Account verification was introduced by Twitter in June 2009, initially as a feature for public figures and accounts of interest, individuals in "music, acting, fashion, government, politics, religion, journalism, media, sports, business and other key interest areas". A similar verification system was adopted by Google+ in 2011, Facebook page in October 2015 (Available in United States, Canada, United Kingdom, Australia and New Zealand) Facebook profile and Facebook page in 2018 (Available in Worldwide) Instagram in 2014, and Pinterest in 2015. On YouTube, users are able to submit a request for a verification badge once they obtain 100,000 or more subscribers. It also has an "official artist" badge for musicians and bands.

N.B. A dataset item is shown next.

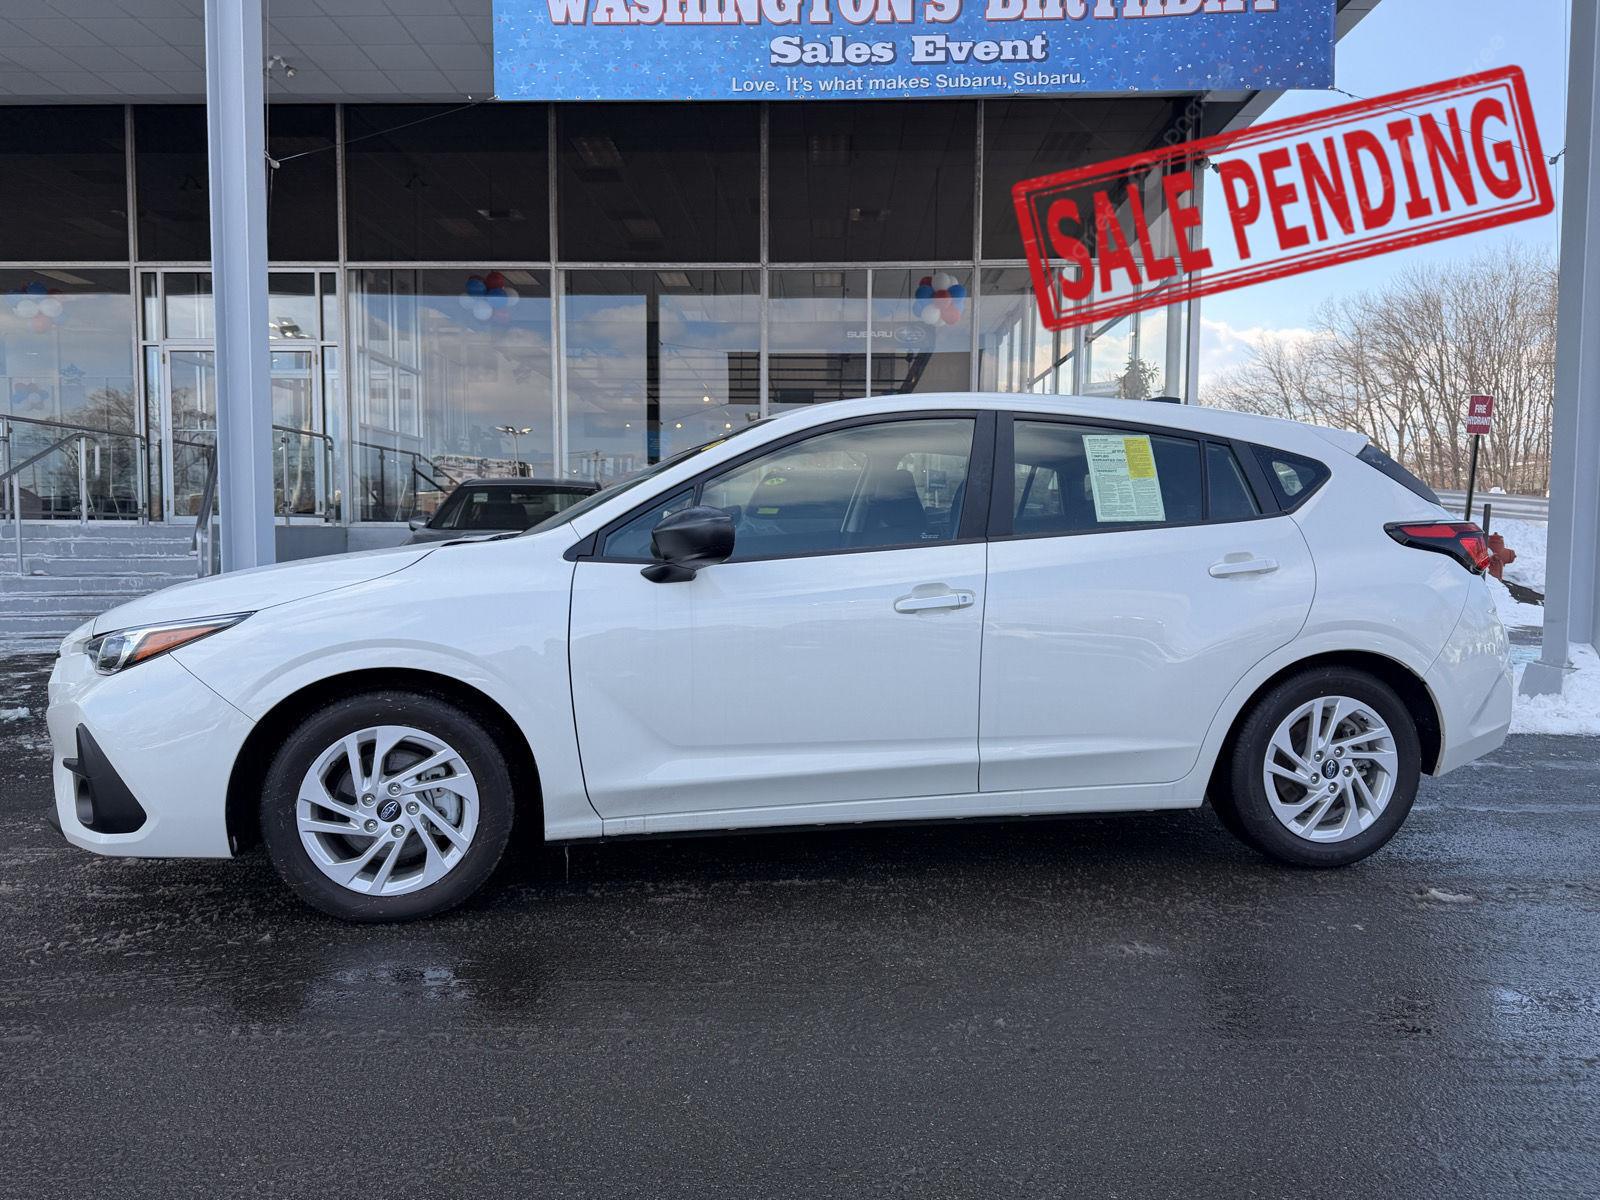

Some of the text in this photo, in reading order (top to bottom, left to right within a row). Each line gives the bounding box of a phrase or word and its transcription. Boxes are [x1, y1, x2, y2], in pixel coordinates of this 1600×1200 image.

[769, 33, 1048, 65] Sales Event
[731, 71, 1087, 92] Love. It's what makes Subaru, Subaru.
[1475, 404, 1487, 413] FIRE
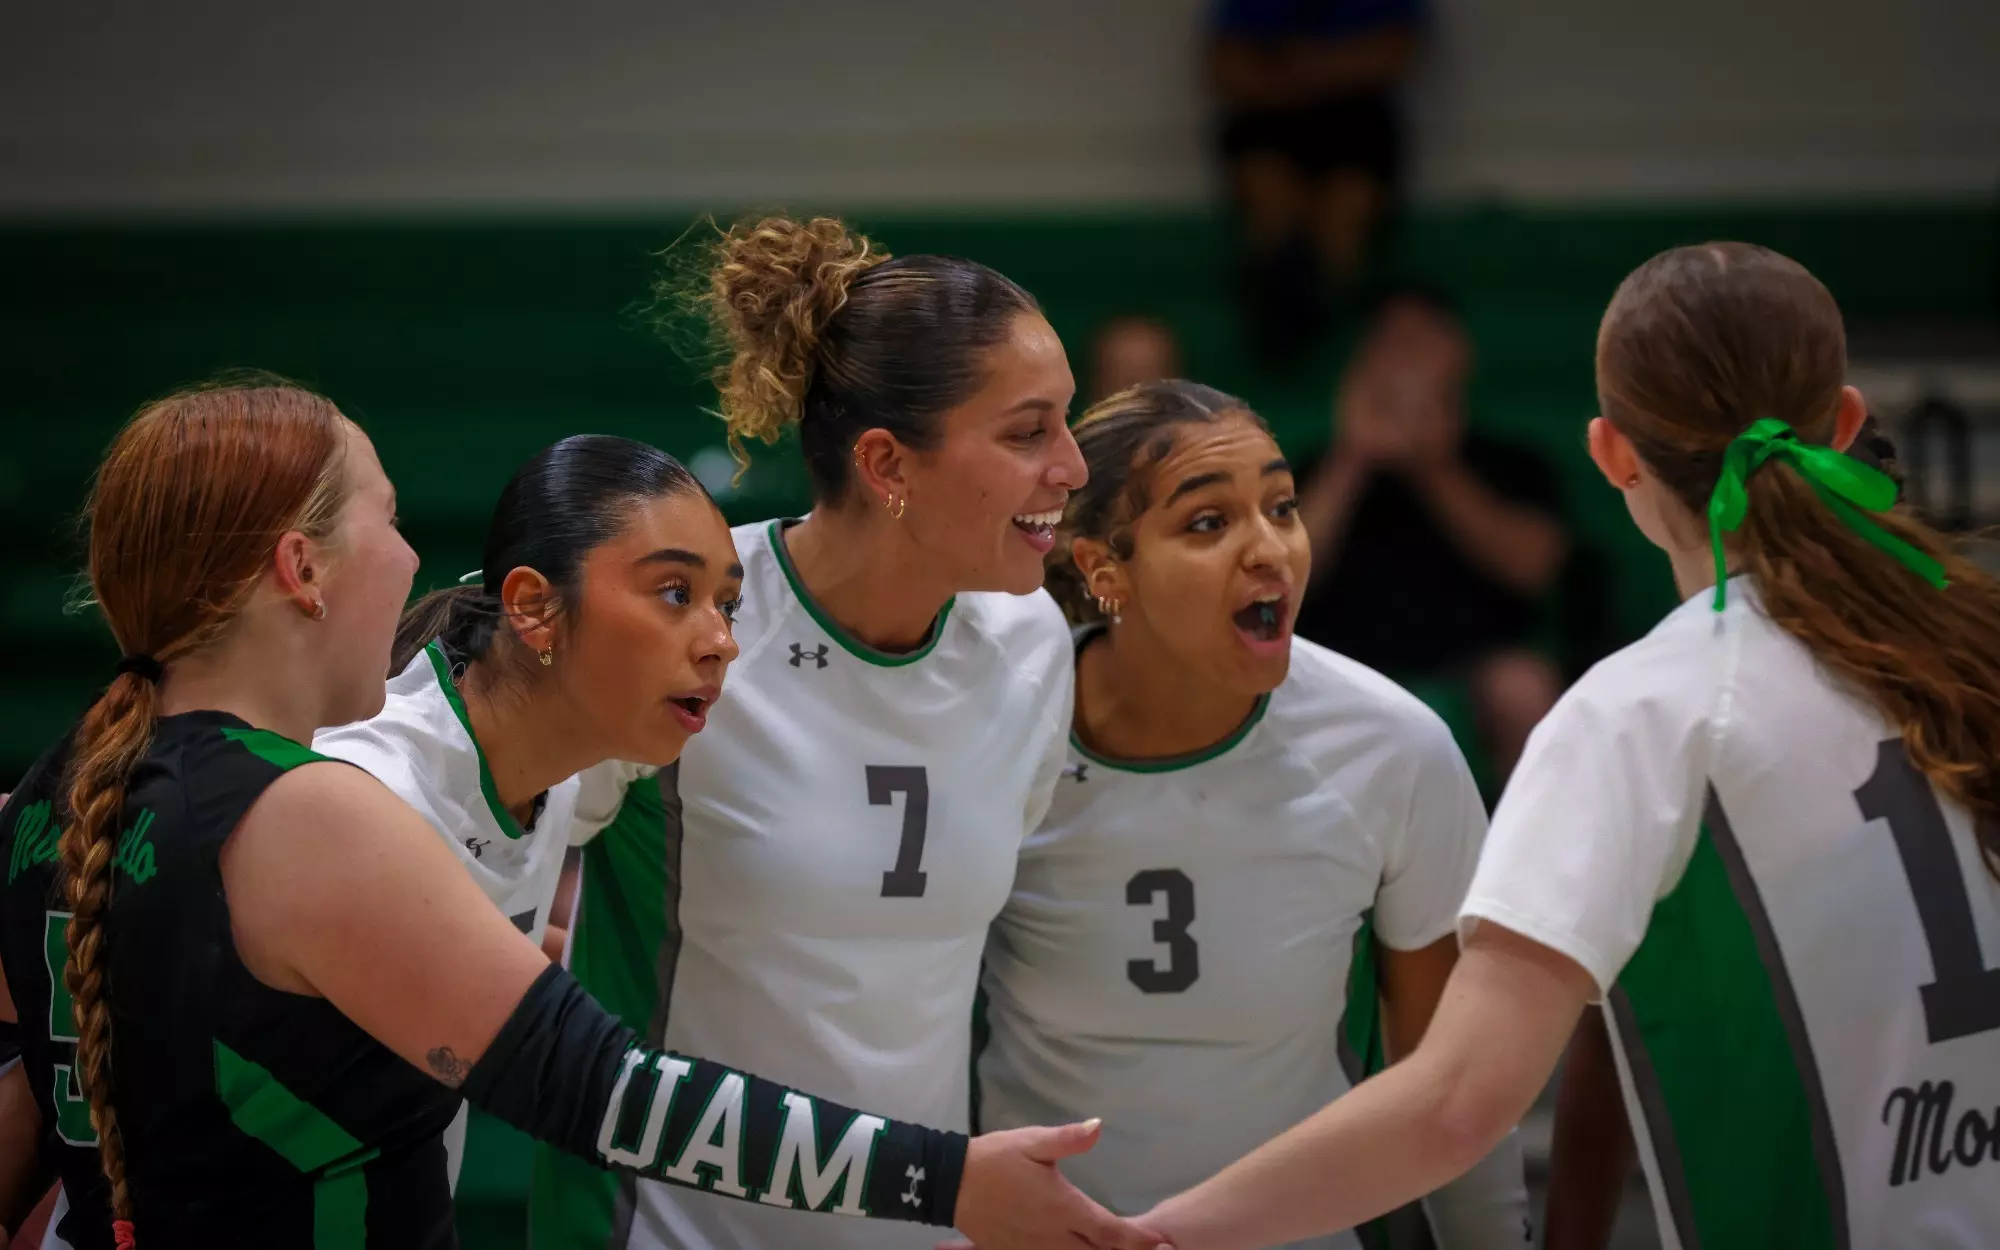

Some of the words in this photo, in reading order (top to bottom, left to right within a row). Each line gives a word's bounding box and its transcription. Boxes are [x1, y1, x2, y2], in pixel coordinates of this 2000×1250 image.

In July 2016, Twitter announced that, beyond public figures, any individual would be able to apply for account verification. This was temporarily suspended in February 2018, following a backlash over the verification of one of the organisers of the far-right Unite the Right rally due to a perception that verification conveys "credibility" or "importance". In March 2018, during a live-stream on Periscope, Jack Dorsey, co-founder and CEO of Twitter, discussed the idea of allowing any individual to get a verified account. Twitter reopened account verification applications in May 2021 after revamping their account verification criteria. This time offering notability criteria for the account categories of government, companies, brands, and organizations, news organizations and journalists, entertainment, sports and activists, organizers, and other influential individuals. Instagram began allowing users to request verification in August 2018.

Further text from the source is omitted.